We see Milkman growing up in his father's money-haunted, death-haunted house with his silent sisters and strangely passive mother, and we watch his beginning to move outward — through his profound love and combat with his friend (his Biblical brother) Guitar... through Guitar's mad and loving commitment to the band of seven, the secret avengers called the Seven Days... through Milkman's exotic and then imprisoning affair with his love-blind cousin, Hagar... and through his unconscious apprenticeship to the one person in his family who is open, unfettered, whole: the exiled one, his unkempt, mystical, bootlegging Aunt Pilate. With a brass box for an earring and no navel — "a stomach blind as a knee...something God never made" — Pilate looks like a tall black tree. Pilate also saved Milkman's life before he was born.
And we follow him as he strikes out alone, drawn away from home South, to the place his father came from, by the promise of buried gold. Moving first toward adventure and then — as the unspoken truth about his family and his own buried heritage announces itself — toward an adventurous and crucial embrace of life.

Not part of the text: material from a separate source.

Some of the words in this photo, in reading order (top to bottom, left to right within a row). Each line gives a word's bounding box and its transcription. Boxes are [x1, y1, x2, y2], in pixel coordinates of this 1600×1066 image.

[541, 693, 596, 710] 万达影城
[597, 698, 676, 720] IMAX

This is a novel in which mystery unfolds on mystery, revelation on revelation — in which our vision of what we have seen turns, changes, and takes shape again, transformed. It is a novel expressing with passion, tenderness, and a magnificence of language the mysterious primal essence of family bond and conflict, the feelings and experience of all people wanting, and striving to be alive.
The volume of critical and popular acclaim that has arisen around the work of Toni Morrison is virtually unparalleled in modern letters. Her six major novels—The Bluest Eye, Song of Solomon, Sula, Tar Baby, Beloved, and Jazz—have collected nearly every major literary prize. Ms. Morrison received the National Book Critics Circle Award in 1977 for Song of Solomon. In 1987, Beloved was awarded the Pulitzer Prize. Her body of work was awarded the Nobel Prize for Literature in 1993. Other major awards include: the 1996 National Book Foundation Medal for Distinguished Contribution to American Letters, the Pearl Buck Award (1994), the title of Commander of the Order of Arts and Letters (Paris, 1994), and 1978 Distinguished Writer Award from the American Academy of Arts and Letters.

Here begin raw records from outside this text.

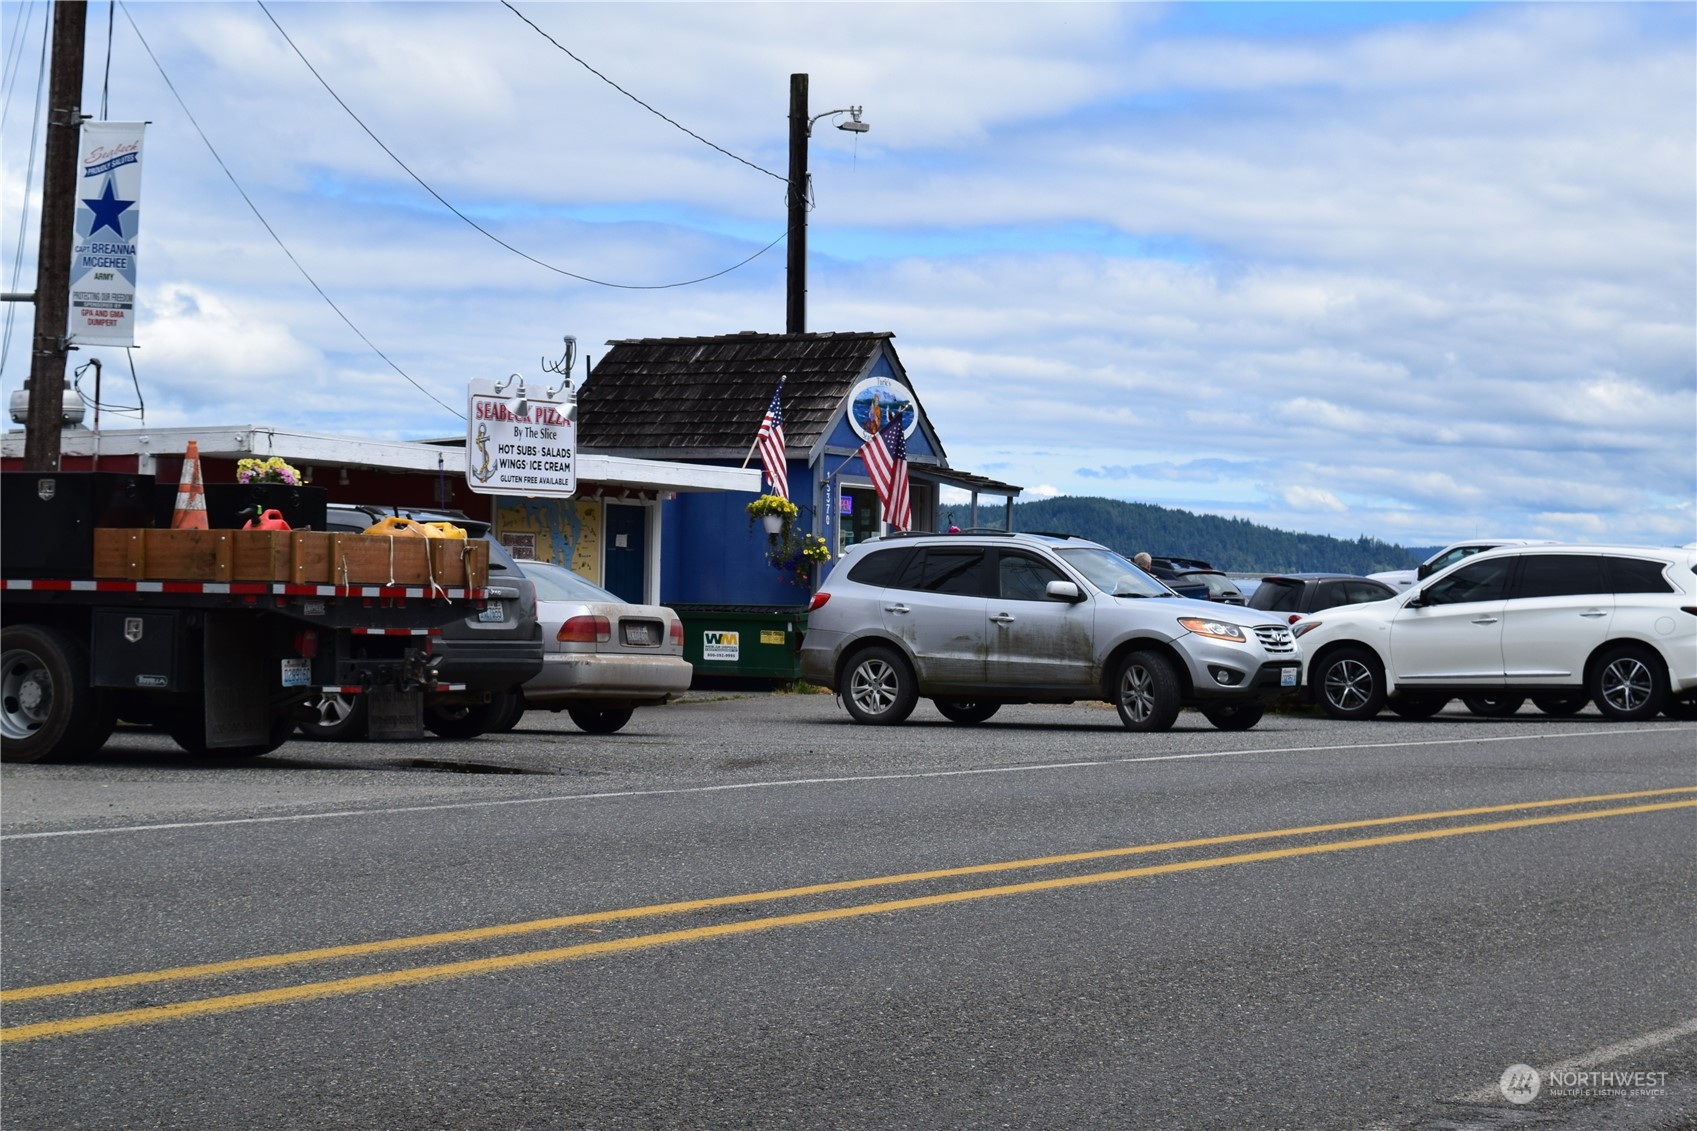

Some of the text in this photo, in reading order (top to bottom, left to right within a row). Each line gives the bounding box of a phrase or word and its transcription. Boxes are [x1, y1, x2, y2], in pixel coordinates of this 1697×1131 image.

[87, 162, 111, 175] PROUDLY
[91, 243, 136, 256] BREANNA
[82, 257, 127, 268] MCGEHEE
[94, 272, 114, 281] ARMY
[73, 291, 133, 302] PROTECTING OUR FREEDOM
[81, 309, 124, 318] GPA AND GMA
[87, 318, 117, 327] DUMPERT
[475, 400, 532, 424] SEAB
[514, 426, 557, 441] By The Slice
[498, 444, 571, 459] HOT SUBS SALADS
[499, 458, 571, 472] WINGS ICE CREAM
[500, 475, 569, 486] GLUTEN FREE AVAILABLE
[705, 633, 738, 645] WM

Ms. Morrison was appointed Robert F. Goheen Professor of the Council of the Humanities at Princeton University in the spring of 1989. Before coming to Princeton, she held teaching posts at Yale University, Bard College, and Rutgers University. In 1990 she delivered the Clark lectures at Trinity College, Cambridge, and the Massey Lectures at Harvard University. Ms. Morrison was also a senior editor at Random House for twenty years. She has degrees from Howard and Cornell Universities.
Ms. Morrison's latest novel, Paradise, was published by Knopf on January 15, 1998. In it, Ms. Morrison tells the story of Ruby, OK, a fictional town populated exclusively by African-Americans. It is her most ambitious work to date, executing changes of time and place with consummate skill. A host of colleges and universities have given honorary degrees to Ms. Morrison. Among them are Harvard, the University of Pennsylvania, Sarah Lawrence College, Dartmouth, Yale, Georgetown, Columbia University and Brown University. Ms. Morrison was commissioned by Carnegie Hall in 1992 to write lyrics "Honey and Me", an original piece of music by Andre Previn. The lyrics were sung in performance by Kathleen Battle. In 1997, she wrote the lyrics for "Sweet Talk", which was written by Richard Danielpour and performed in concert by Jessye Norman. Ms. Morrison lives lives in Princeton, New Jersey and upstate New York.

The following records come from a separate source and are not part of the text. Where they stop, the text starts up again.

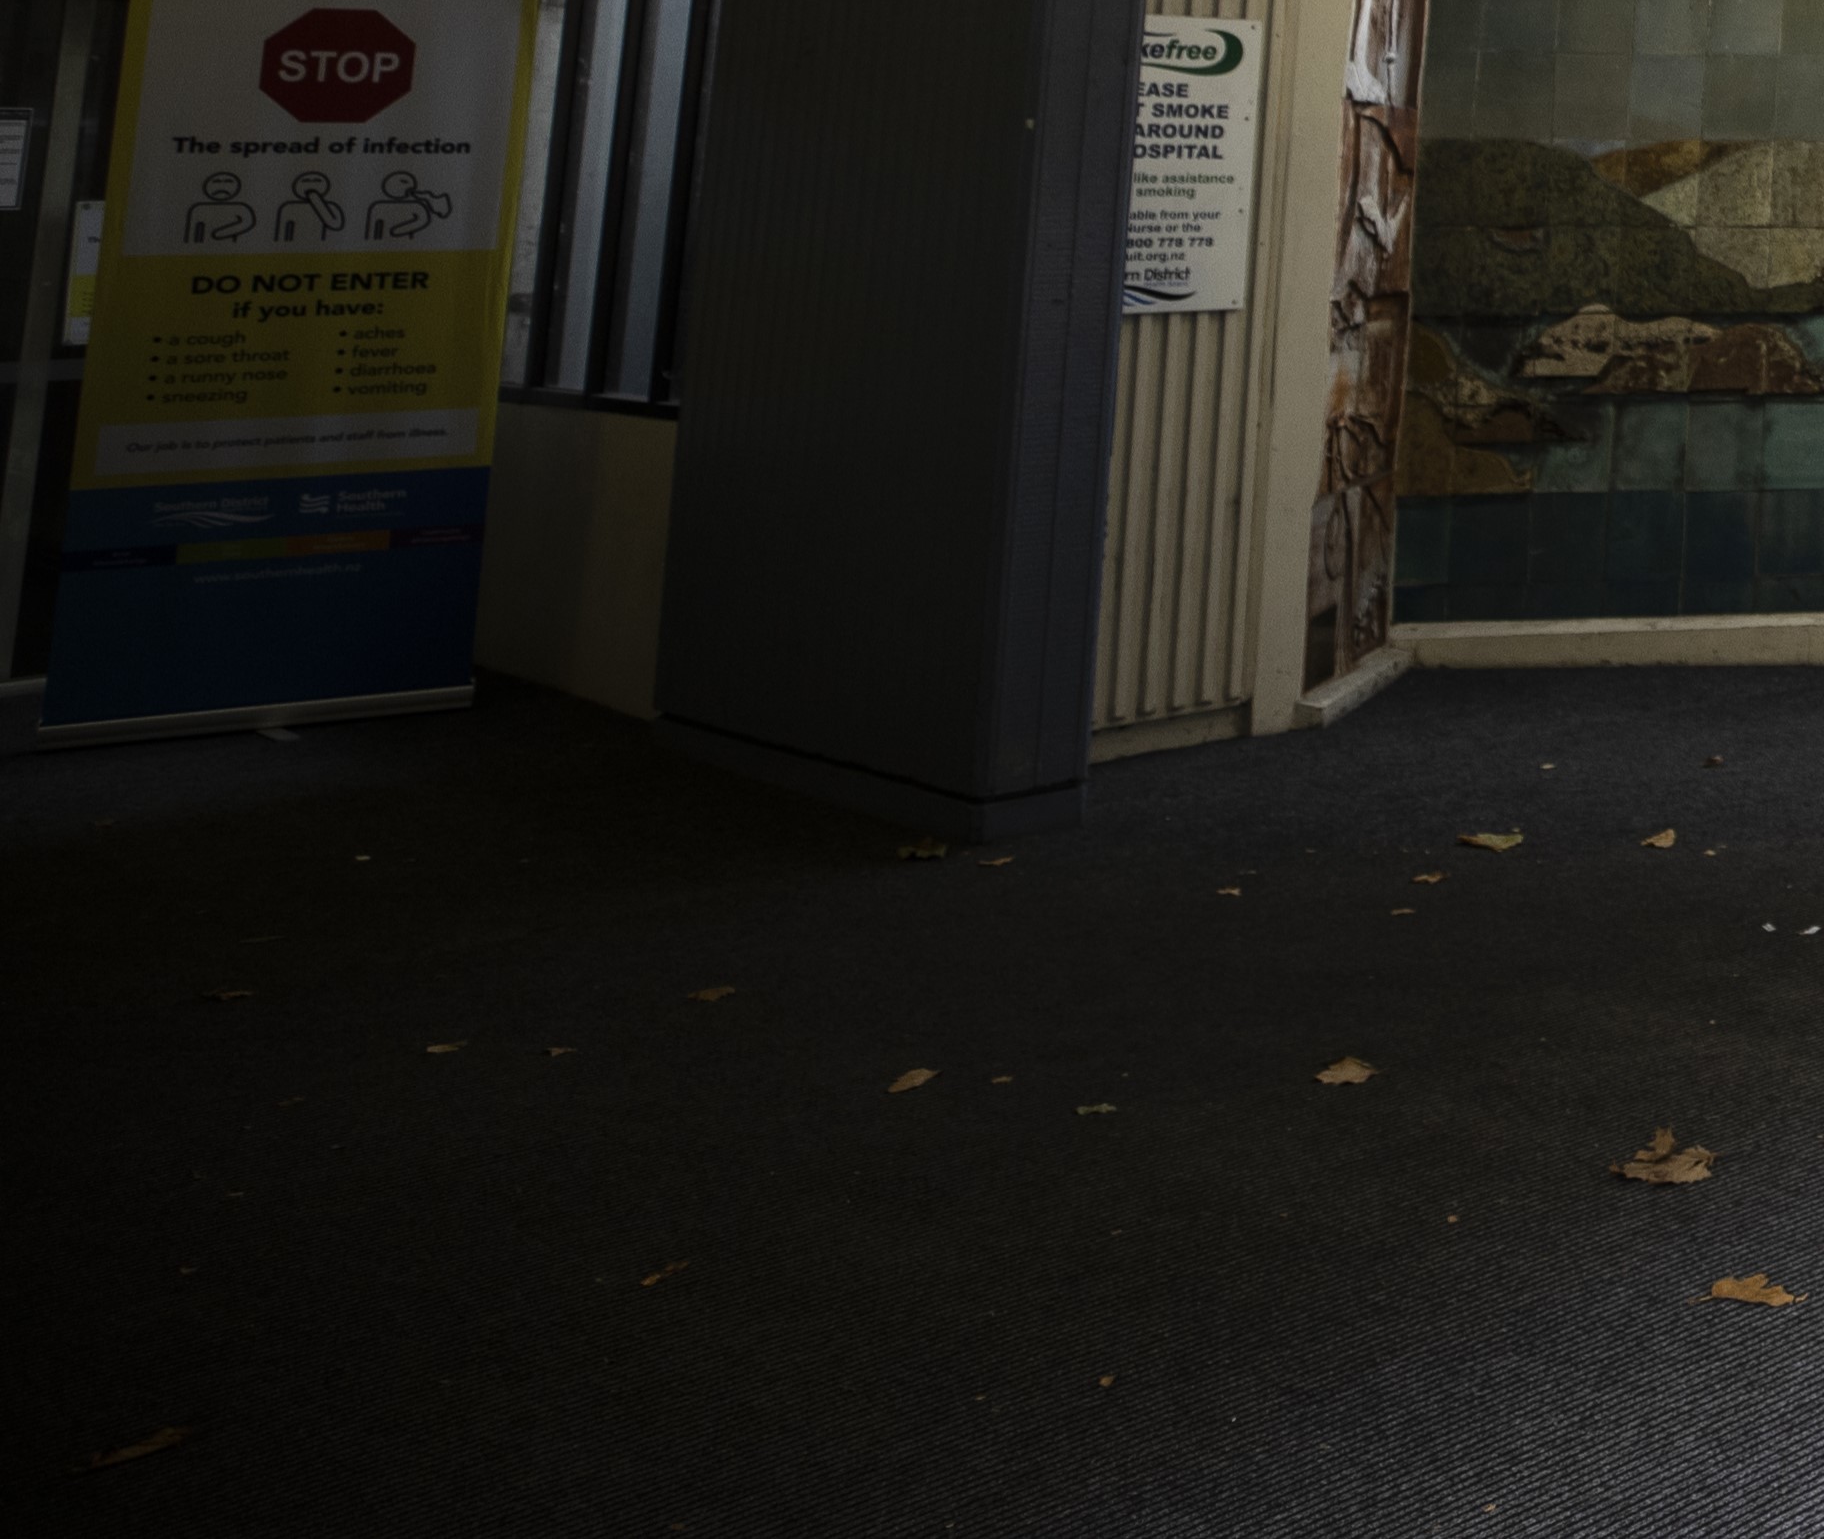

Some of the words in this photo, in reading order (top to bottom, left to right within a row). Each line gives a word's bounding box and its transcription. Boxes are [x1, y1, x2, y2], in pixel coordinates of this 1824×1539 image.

[278, 49, 400, 83] STOP
[1152, 103, 1229, 119] SMOKE
[1135, 123, 1225, 138] AROUND
[173, 137, 219, 153] The
[230, 137, 320, 158] spread
[329, 137, 357, 153] of
[363, 137, 470, 154] infection
[1133, 143, 1224, 159] OSPITAL
[1133, 172, 1158, 184] like
[1162, 172, 1235, 184] assistance
[1136, 186, 1196, 200] smoking
[1159, 209, 1189, 220] from
[1192, 211, 1221, 223] your
[1165, 224, 1178, 233] or
[1182, 222, 1201, 232] the
[1157, 237, 1184, 247] 778
[1187, 237, 1214, 247] 778
[1144, 266, 1191, 281] District
[192, 275, 241, 293] DO
[252, 273, 321, 292] NOT
[331, 272, 429, 290] ENTER
[232, 301, 253, 318] if
[260, 304, 306, 322] you
[315, 299, 384, 316] have:
[169, 336, 180, 346] a
[186, 331, 246, 348] cough
[354, 326, 405, 339] aches
[166, 355, 177, 365] a
[184, 353, 225, 364] sore
[232, 350, 289, 363] throat
[352, 345, 399, 358] fever
[164, 374, 175, 384] a
[181, 372, 236, 385] runny
[242, 369, 288, 381] nose
[350, 363, 436, 377] diarrhoea
[348, 381, 427, 396] vomiting
[162, 389, 248, 404] sneezing
[127, 442, 150, 452] Our
[153, 440, 177, 453] job
[181, 440, 192, 449] is
[195, 440, 209, 449] to
[211, 437, 262, 450] protect
[264, 435, 315, 448] patients
[319, 432, 343, 442] and
[337, 490, 407, 501] Southern
[154, 501, 217, 512] Southern
[221, 495, 270, 508] District
[336, 501, 385, 512] Health

Toni Morrison has earned a reputation as a gifted storyteller whose troubled characters seek to find themselves and their cultural riches in a society that warps or impedes such essential growth. According to Charles Larson in the Chicago Tribune Book World, each of Morrison's novels "is as original as anything that has appeared in our literature in the last 20 years. The contemporaneity that unites them—the troubling persistence of racism in America—is infused with an urgency that only a black writer can have about our society."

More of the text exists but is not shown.